Each entry that follows should be set down precisely, with its pictures removed.
** DATA FOR REVIEW follows **
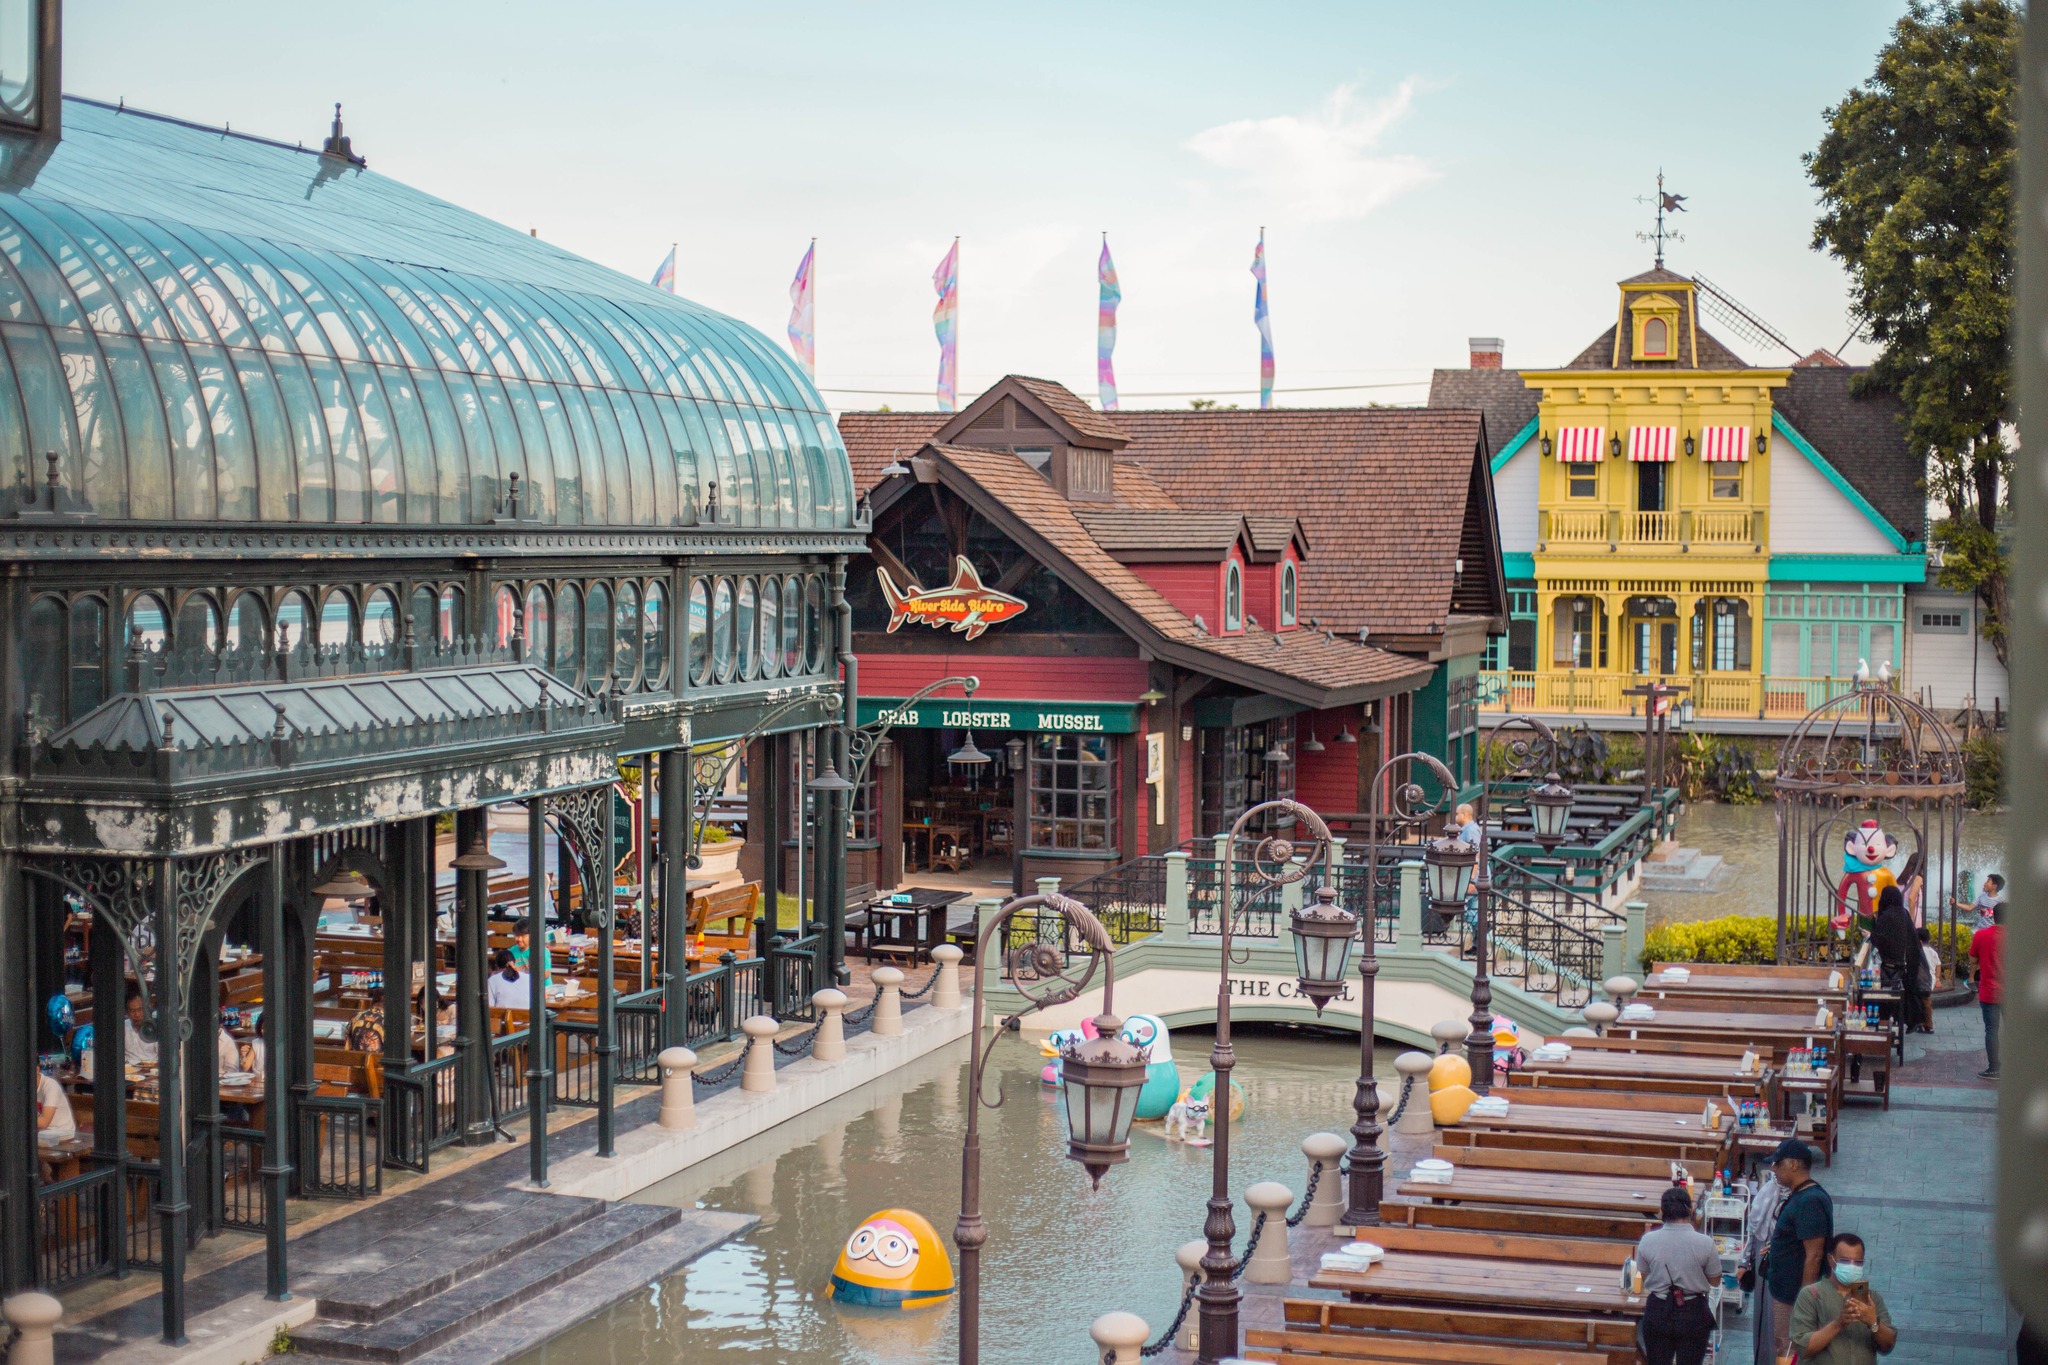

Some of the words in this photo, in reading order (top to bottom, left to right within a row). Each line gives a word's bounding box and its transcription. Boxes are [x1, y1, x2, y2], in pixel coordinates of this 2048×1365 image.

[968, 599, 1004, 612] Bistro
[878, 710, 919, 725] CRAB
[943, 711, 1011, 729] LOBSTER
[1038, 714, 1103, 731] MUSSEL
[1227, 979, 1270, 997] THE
** End of DATA FOR REVIEW **
■ FINISHED EXERCISE
Some of the words in this photo, in reading order (top to bottom, left to right within a row). Each line gives a word's bounding box and its transcription. Boxes are [x1, y1, x2, y2], in pixel coordinates of this 2048×1365 image.

[968, 599, 1004, 612] Bistro
[878, 710, 919, 725] CRAB
[943, 711, 1011, 729] LOBSTER
[1038, 714, 1103, 731] MUSSEL
[1227, 979, 1270, 997] THE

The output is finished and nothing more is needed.